Selon Alexeï Moukhine, les représentants de Russie Juste ont joué un coup subtil : "Bien que Guennadi Goudkov ait annoncé que les députés de Russie Juste étaient prêts à renoncer à leurs mandats et à participer à de nouvelles élections, évidemment cela ne se produira pas. Personne n’organisera de nouvelles législatives, cela coûte très cher".
Cependant, selon les experts, suite à ces déclarations, les votes pourraient être recomptés dans plusieurs régions avec des résultats particulièrement surprenants. Cela montrerait la volonté des autorités de coopérer avec les partis.
A leur tour, les communistes ont montré qu’ils n’étaient pas prêts à renoncer à leurs mandats et tenir de nouvelles législatives, a fait remarquer le directeur du Centre d’information politique Alexeï Moukhine. "De toute évidence, les résultats des législatives les satisfont. Cela aura une influence négative sur la campagne électorale du principal rival potentiel de Vladimir Poutine dans la course présidentielle, Guennadi Ziouganov", a-t-il souligné.

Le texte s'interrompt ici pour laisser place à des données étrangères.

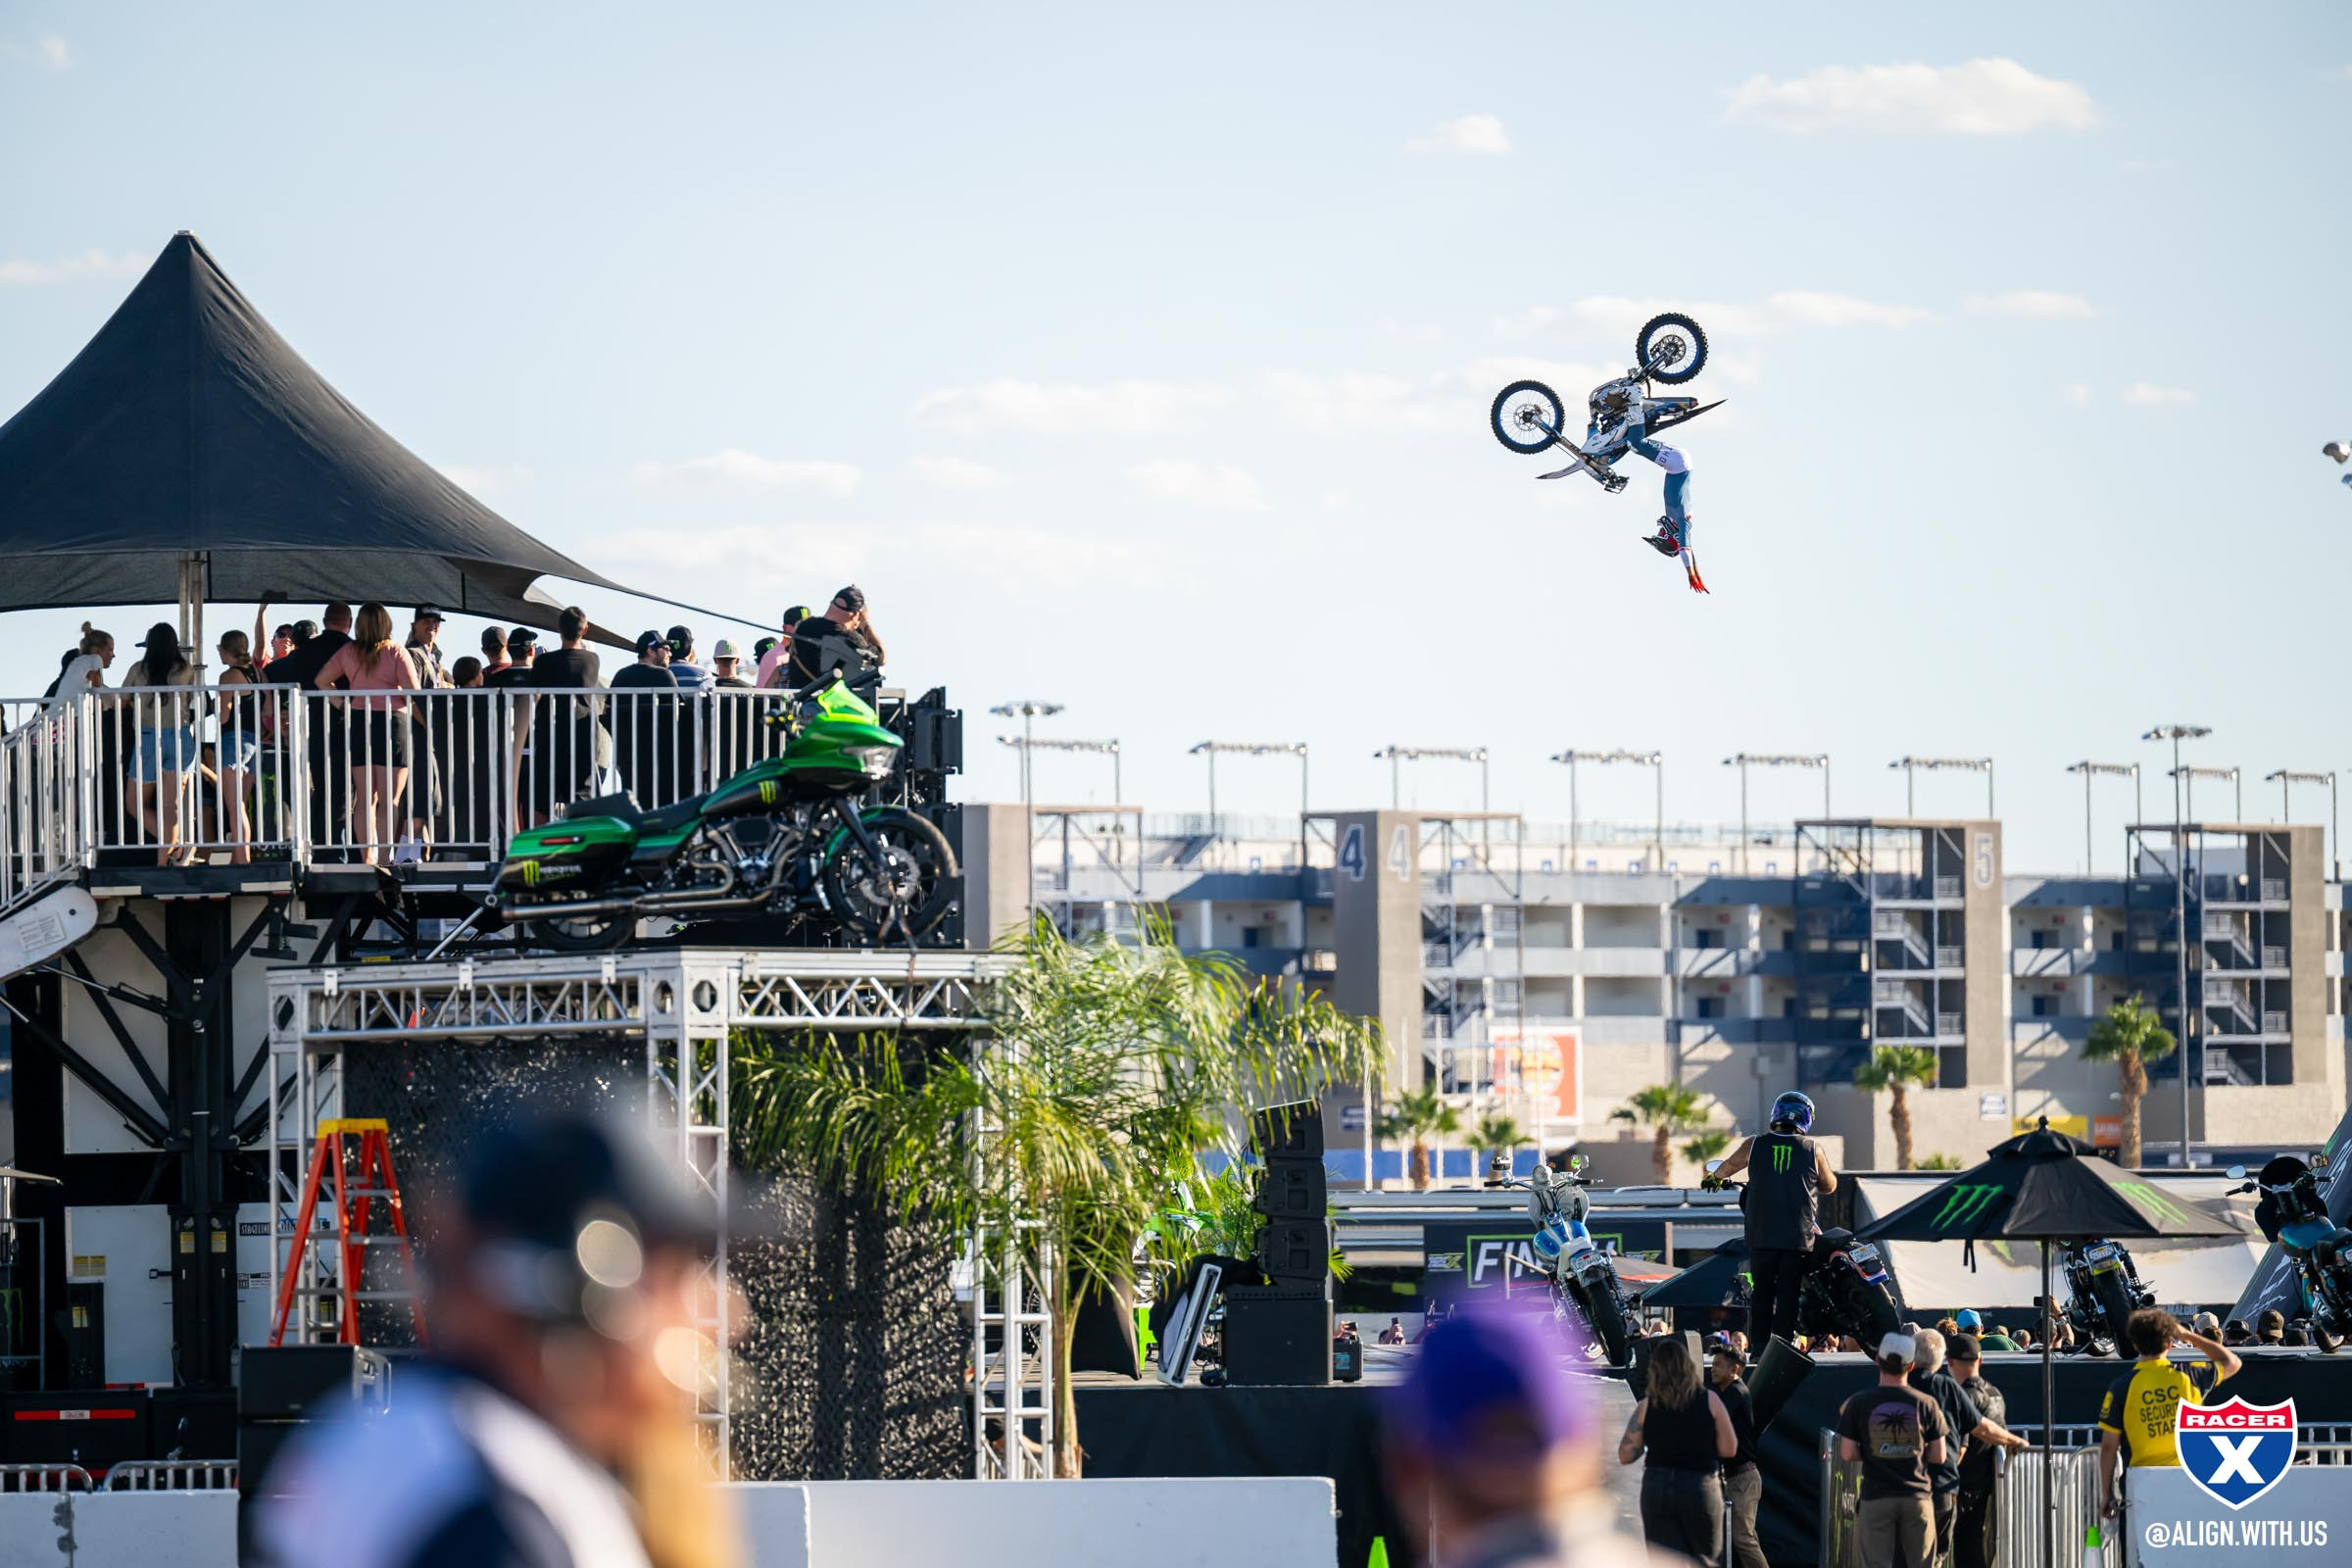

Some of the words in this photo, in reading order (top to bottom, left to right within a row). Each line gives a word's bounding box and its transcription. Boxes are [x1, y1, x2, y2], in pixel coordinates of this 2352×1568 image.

[1338, 824, 1365, 882] 4
[1388, 824, 1411, 882] 4
[1974, 833, 1994, 890] 5
[2141, 1385, 2180, 1405] CSC
[2147, 1418, 2176, 1439] STAF

Le système politique pourrait changer
La manifestation changera considérablement la position du gouvernement à l’égard des résultats des législatives annoncés vendredi par la Commission électorale centrale, mais selon les experts, on ignore quelle conséquence le rassemblement aura et en quoi seront "convertis" ses résultats.
"Aujourd’hui se pose la question de la future tactique des participants à l’action, du maintien de la mobilisation, de la manière de surmonter les différends entre eux et de maintenir la tension protestataire si le gouvernement refuse d’écouter les exigences des manifestants", a déclaré Mikhaïl Vinogradov.

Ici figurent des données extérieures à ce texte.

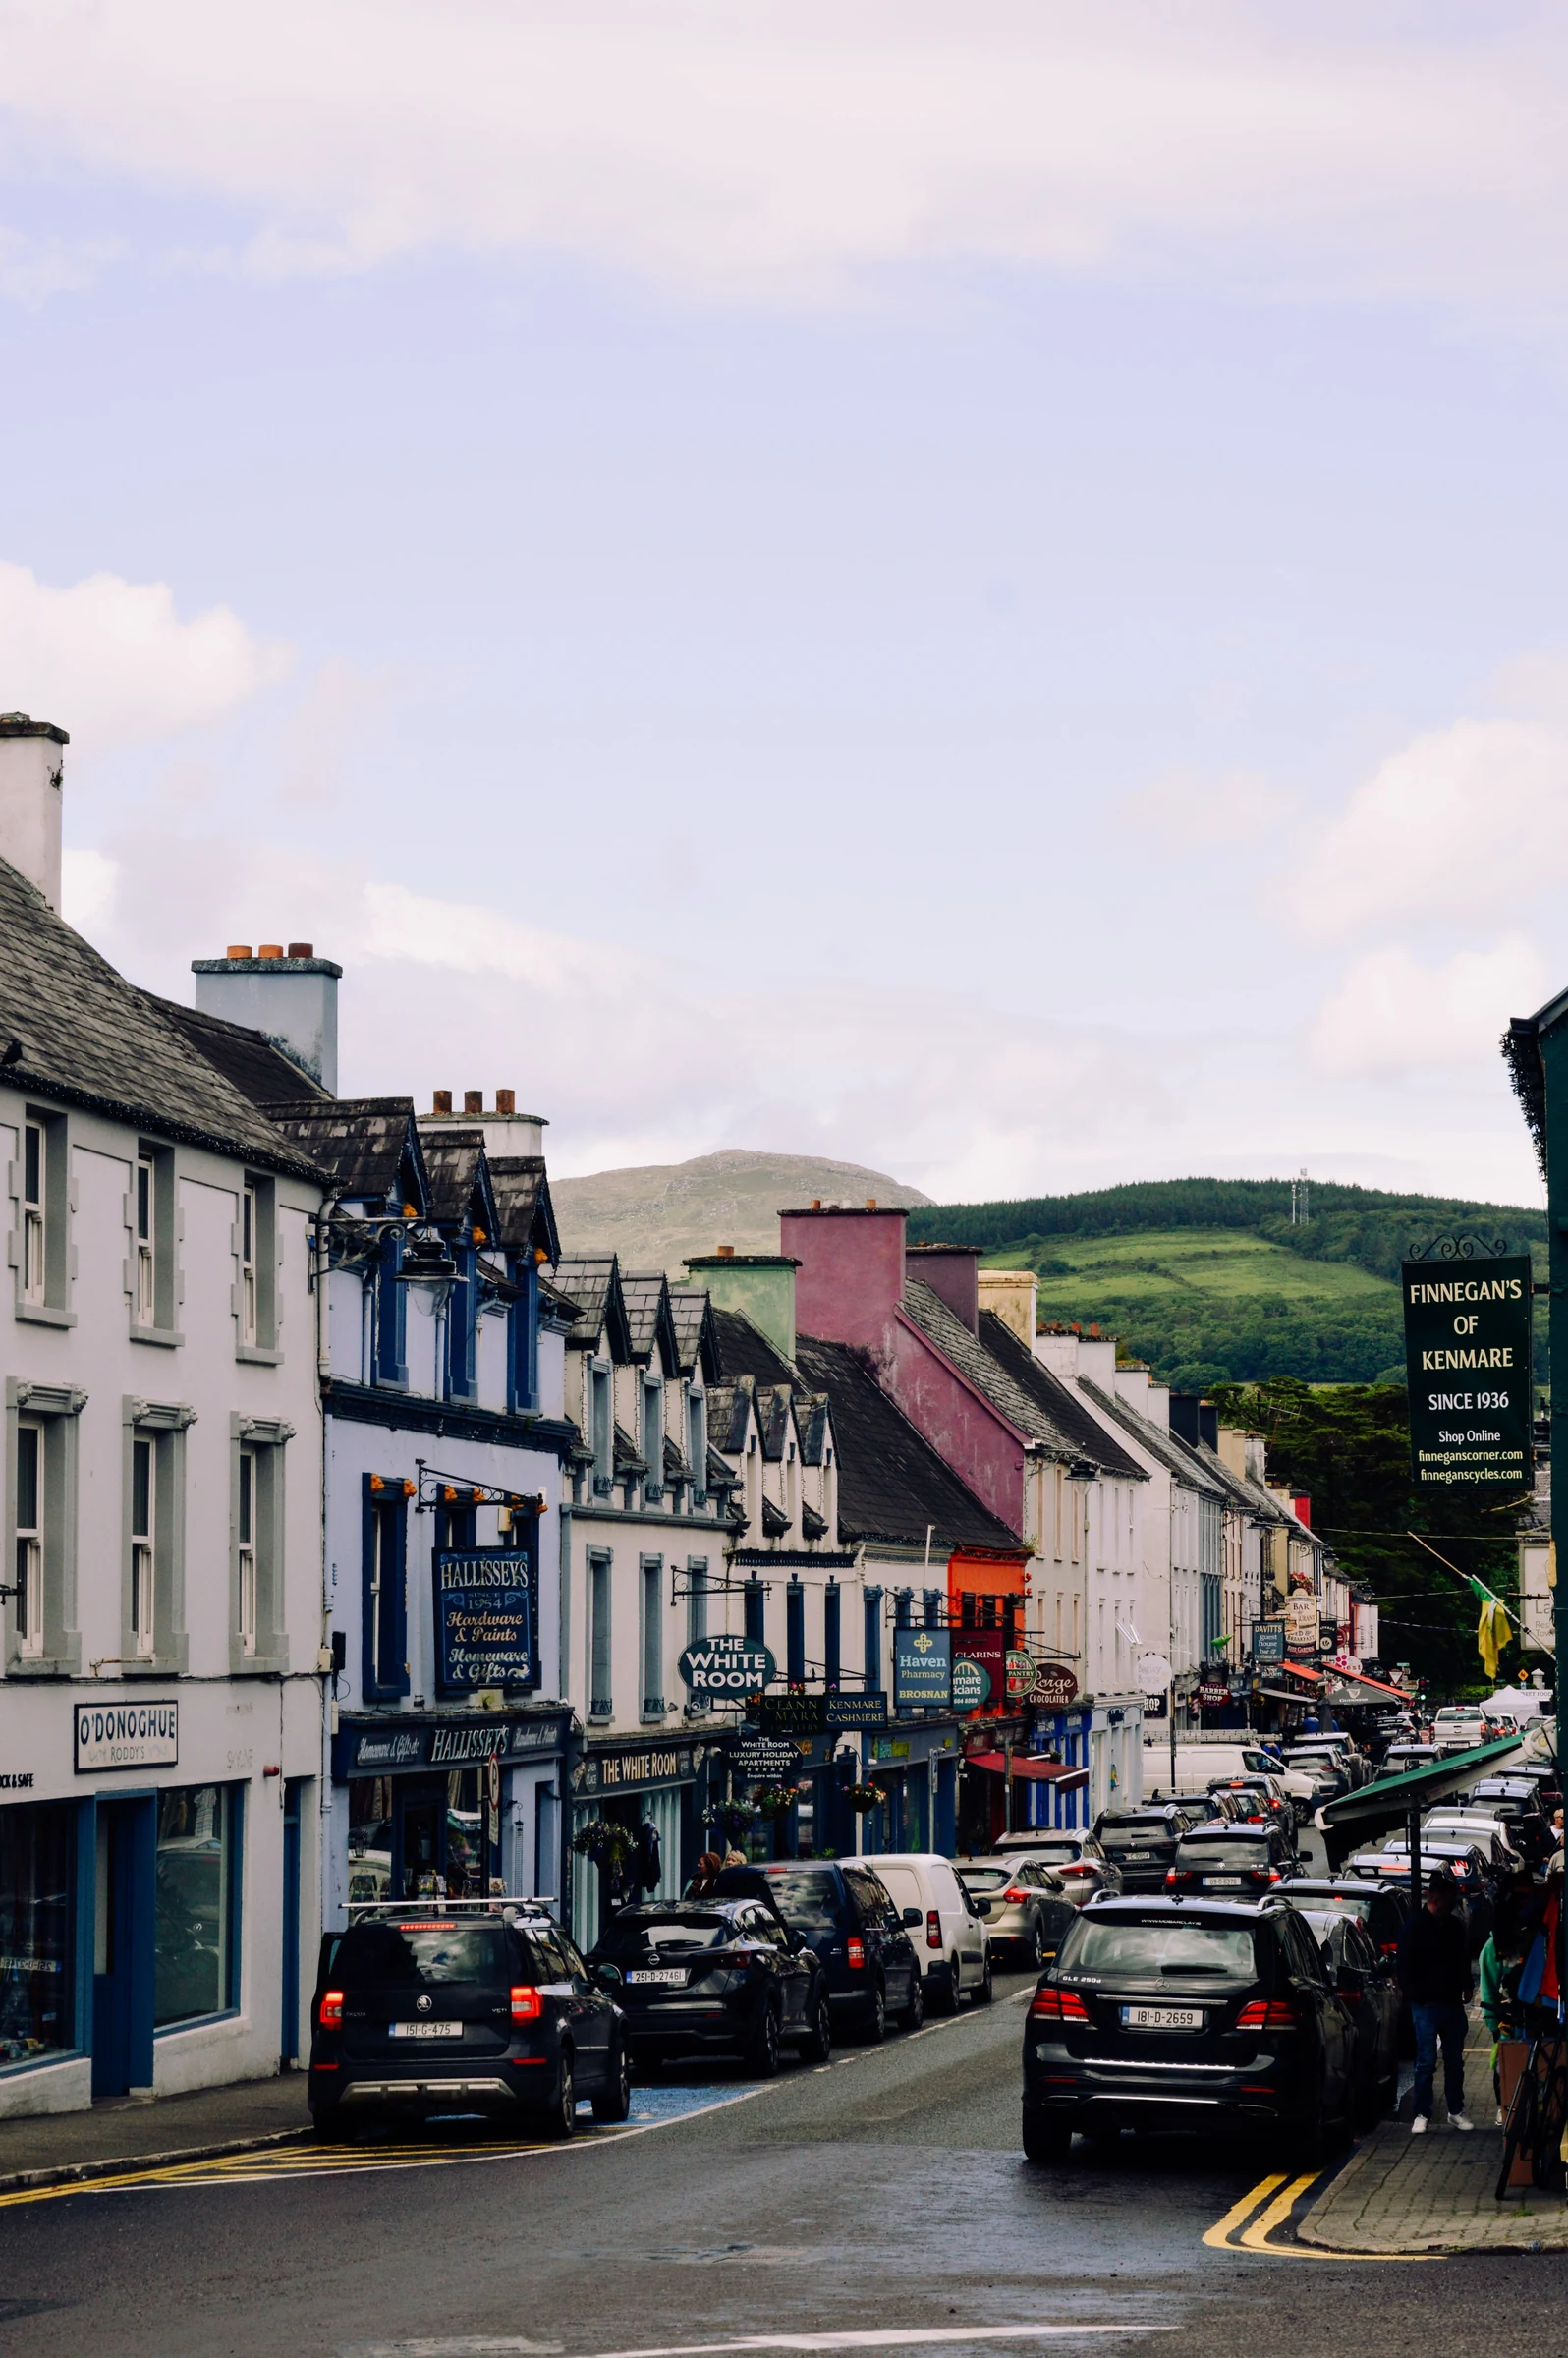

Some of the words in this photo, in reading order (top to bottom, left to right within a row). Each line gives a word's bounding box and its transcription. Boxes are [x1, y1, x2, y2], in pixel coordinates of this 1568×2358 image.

Selon les politologues, le principal problème réside dans le fait que les manifestations civiles de masse n’ont pas de centres d’organisation clairs.
"La majorité des manifestants ne soutiennent pas les mouvements Solidarité et Front de gauche, qui se sont proclamés organisateurs du rassemblement, et n’attendent d’eux d’un plan d’action", estime Mikhaïl Remizov.
Selon lui, les groupes politiques les plus variés commenceront à proposer des plans d’action.
Et si la vague de protestation était longue, il n’est pas exclu que la configuration du système politique puisse commencer à changer et que la diversification des partis pourrait s’accroître.
"Le gouvernement s’efforcera de ne faire aucune concession, mais il aura du mal à garder la face en cas de révision des résultats des législatives ou en cas de défense de ces résultats, estime le directeur de l’Institut de stratégie nationale Mikhaïl Remizov. Seule la souplesse politique du gouvernement lui permettra d’éviter l’escalade des protestations selon le principe d’une réaction en chaîne".
Par ailleurs, les manifestations de samedi dernier qui se sont tenues dans un grand nombre de villes en Russie, profiteront principalement à Vladimir Poutine, estime Alexeï Moukhine.
"Le premier ministre Poutine a été le principal bénéficiaire, estime l’expert. D’une part, il a pris ses distances par rapport à Russie Unie aux élections, et d’autre part il a salué la forme civilisée de l’expression de la protestation. Cela devrait avoir un impact positif pour sa campagne présidentielle".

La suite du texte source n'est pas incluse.